DIAGNOSING OVERTRAINING WITH BLOOD FACTORS ARE OF LIMITED VALUE
Lehmann, M., Wieland, H., & Gastmann, U. (1997). Influence of an unaccustomed increase in training volume vs intensity on performance, hematological and blood-chemical parameters in distance runners. The Journal of Sports Medicine and Physical Fitness, 37, 110-116.
Whether hematological and blood chemical parameters could serve as markers in the early stages of overtraining was assessed. Overtraining occurs when the stress of all training and non-training factors exceeds recovery opportunities. Carbohydrate deficit, catabolic-anabolic imbalance, sympathetic-parasympathetic imbalance, and amino-acid-imbalance have been established to explain some pathogenic mechanisms in overtraining. Short-term overtraining (overreaching) is not usually a serious problem unless the symptoms are mistaken and training load is increased in an attempt to overcome them. Accidental or prolonged overreaching can cause overtraining.

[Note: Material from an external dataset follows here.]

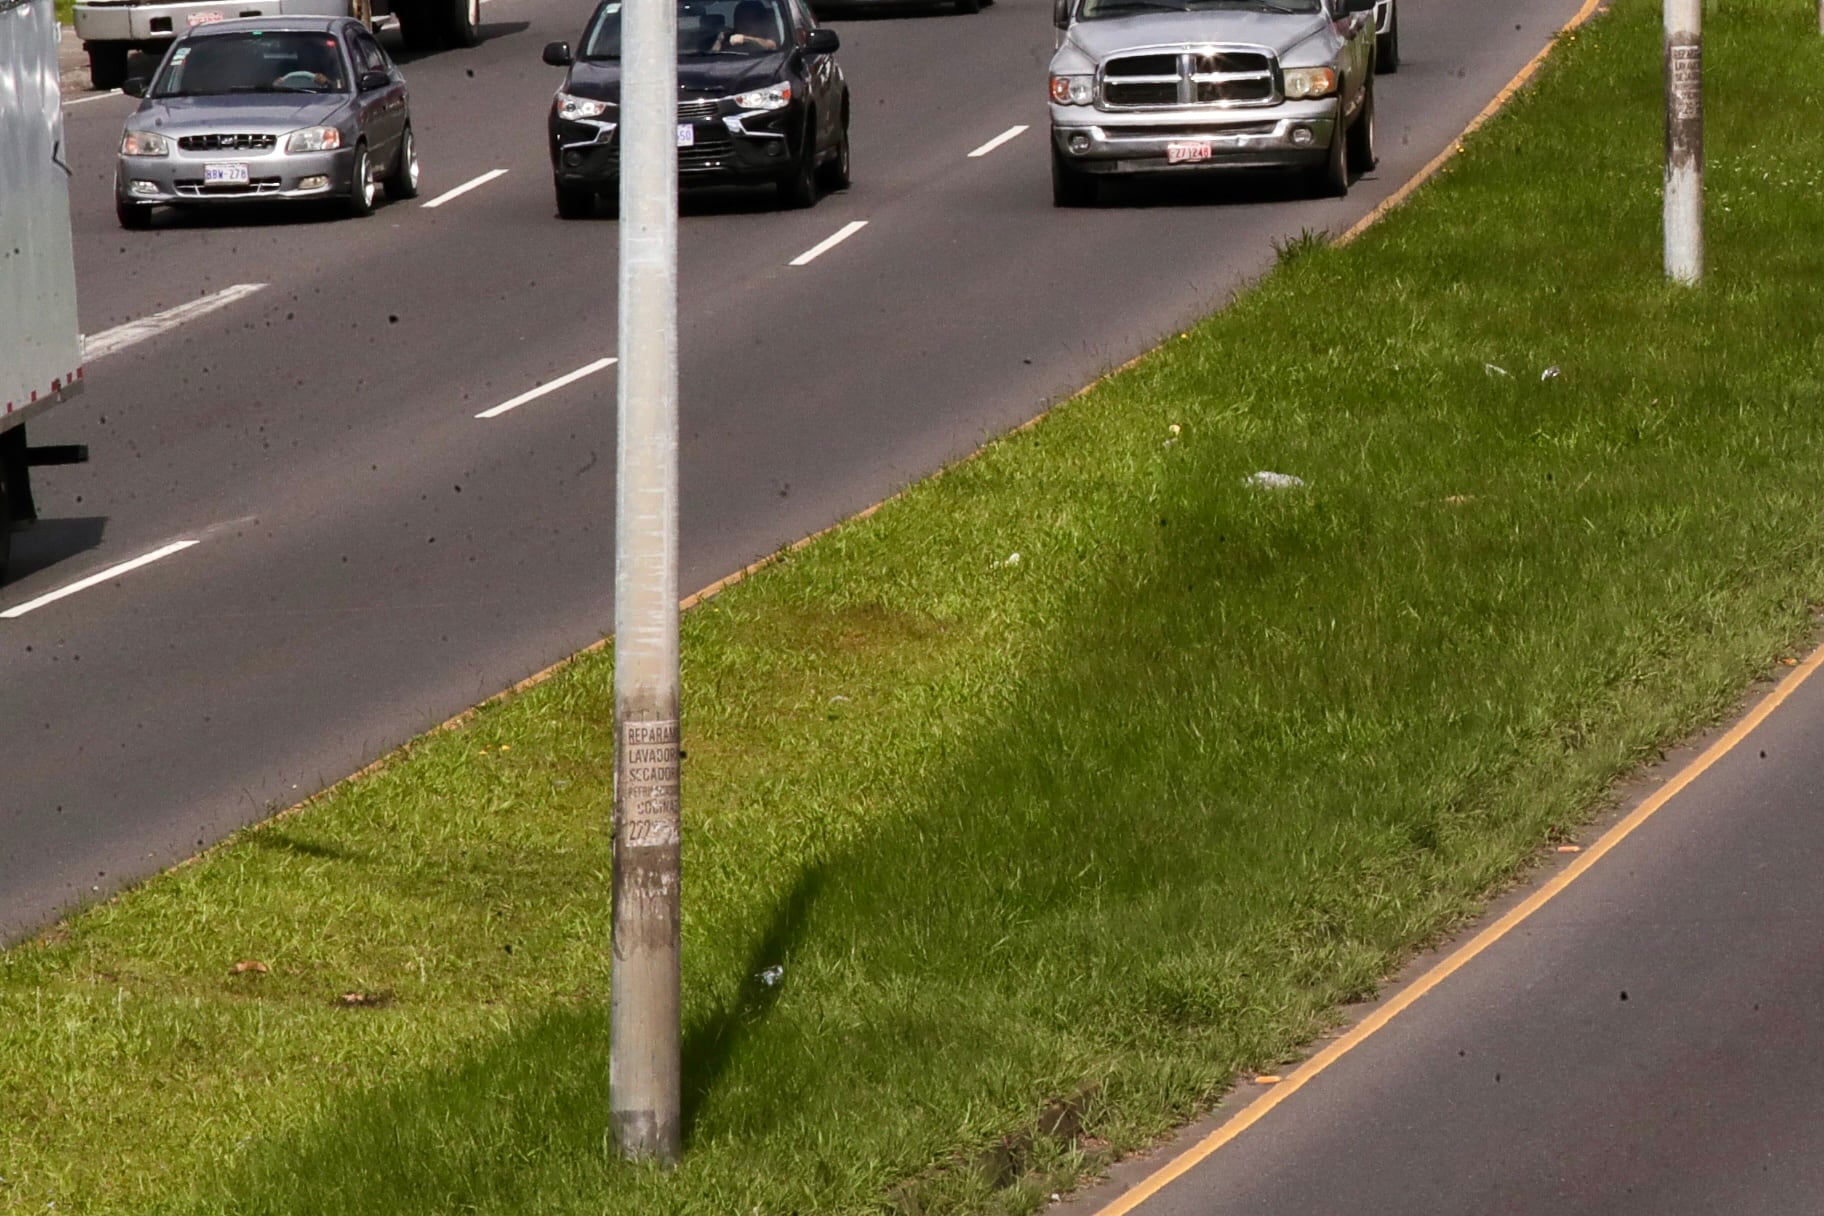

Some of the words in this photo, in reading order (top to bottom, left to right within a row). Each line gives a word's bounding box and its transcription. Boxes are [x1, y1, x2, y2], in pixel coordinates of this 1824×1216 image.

[628, 727, 678, 743] REPARAM
[629, 748, 678, 764] LAVADOR
[629, 767, 678, 782] SECADOR

Experienced distance runners (N = 8) were subjected to an unaccustomed 103% increase in training volume over four weeks. One year later 9 runners were subjected to a 152% increase in training intensity for activities. Seven athletes participated in both studies.
However, there was no single blood facet that could be used to indicate overtraining in all Ss. Only when performance and particular blood reactions are taken together for individuals can overtraining be better diagnosed.
Implication. Blood changes do occur with overtraining but no one indicator is useful as a universal diagnostic factor. Normally, a group of "unusual" levels in some blood factors along with diminished performance is adequate to diagnose an overtrained state. Overtraining, can be avoided by interpreting overreaching as a first stage breakdown rather than questioning whether reduced performances in overreaching are caused by a lack of effort, intestinal fortitude, or inadequate "mental toughness."